- 1 cup of white sugar
- 3 tablespoons of cornstarch
- 2 tablespoons of flour
- pinch of salt
- 2 tablespoons of butter
- 4 eggs (separate yolks and egg whites)
- 1 1/2 cups of water
- 2 lemons (juiced and zested)
- 9 inch of pie crust, baked
- 6 tablespoons of white sugar
- Preheat oven to 350 degrees F (175 degrees C).
- To Make Lemon Filling: Whisk together one cup of sugar, flour, cornstarch and salt in a medium saucepan. Stir in water with lemon juice and lemon zest.
- Cook over medium-high heat, stir frequently until mixture boils. Stir in butter.
- In a small bowl place egg yolks and gradually whisk in 1/2 cup of hot sugar mixture. Bring to a boil and continue cooking while stirring constantly until mixture becomes thick.
- Remove from heat.
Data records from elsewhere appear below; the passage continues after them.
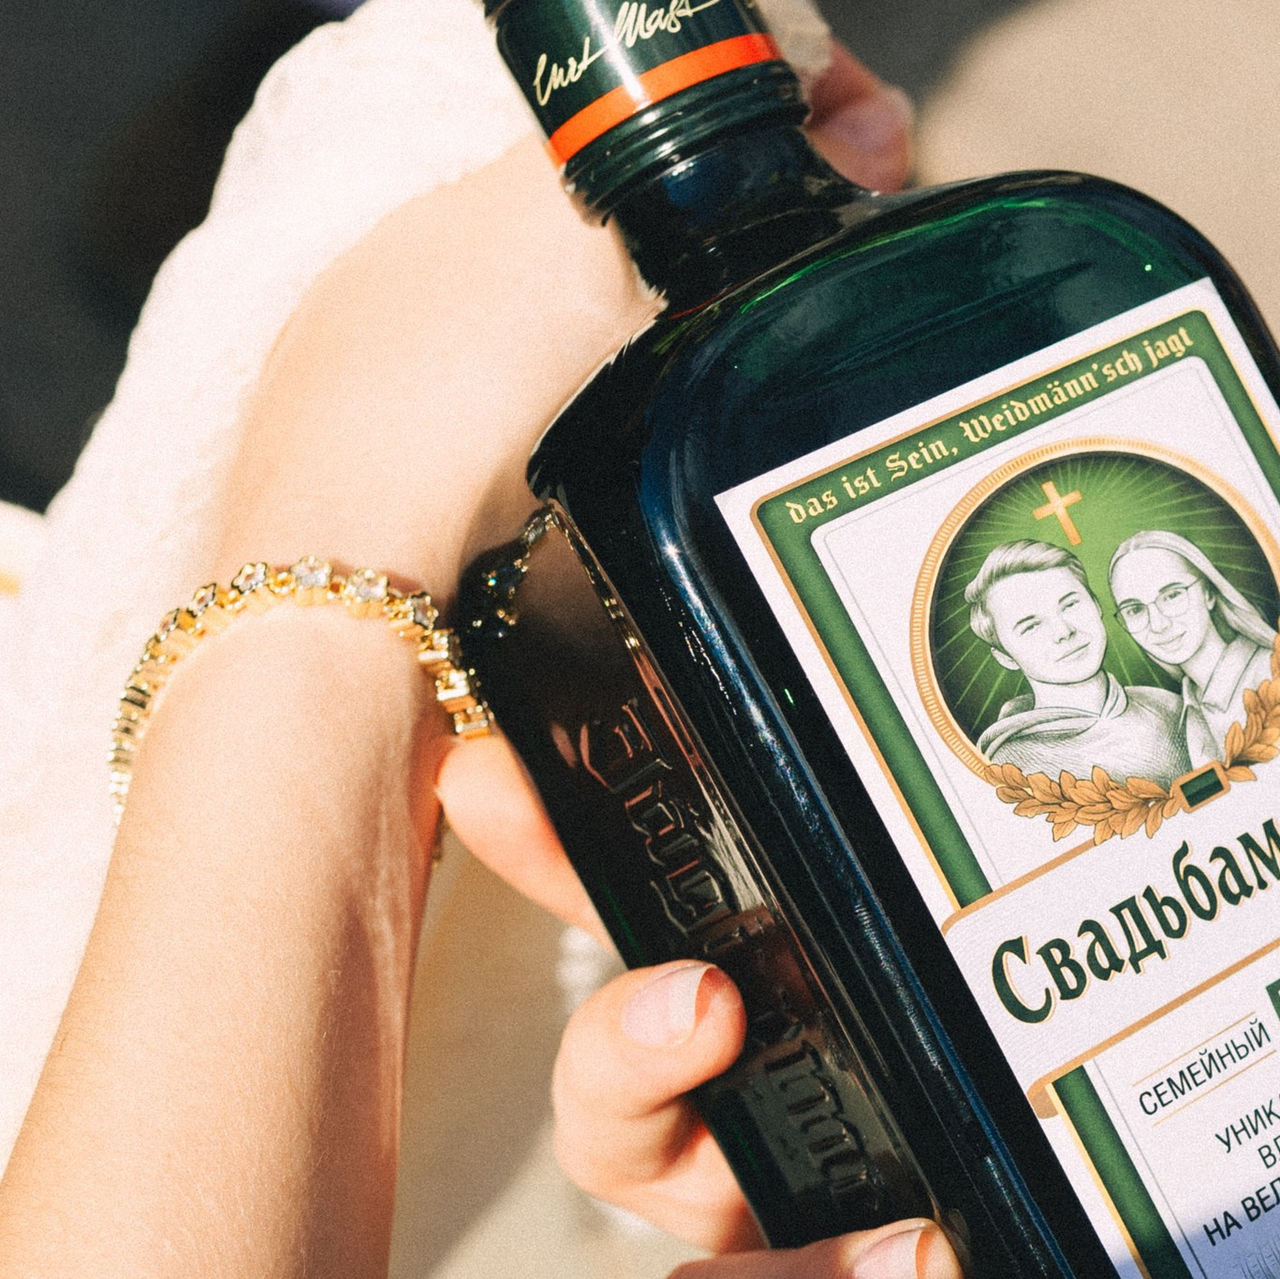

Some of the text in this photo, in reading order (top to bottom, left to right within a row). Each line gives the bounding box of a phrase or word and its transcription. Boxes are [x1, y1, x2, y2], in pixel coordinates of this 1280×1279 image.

[786, 488, 838, 524] das
[842, 466, 881, 500] ist
[885, 435, 959, 481] Sein,
[1143, 326, 1194, 369] jagt
[1138, 1018, 1272, 1116] СЕМЕЙНЫЙ
[1203, 1211, 1242, 1247] НА
Pour filling into baked pastry shell.
- To Make Meringue: Whip egg whites into a bowl until foamy. Add 6 tablespoons of sugar gradually and continue whipping until stiff peaks form.
- Spread meringue over pie, sealing the edges at the crust.
- Bake in preheated oven until meringue becomes golden brown (it will take about 10 minutes).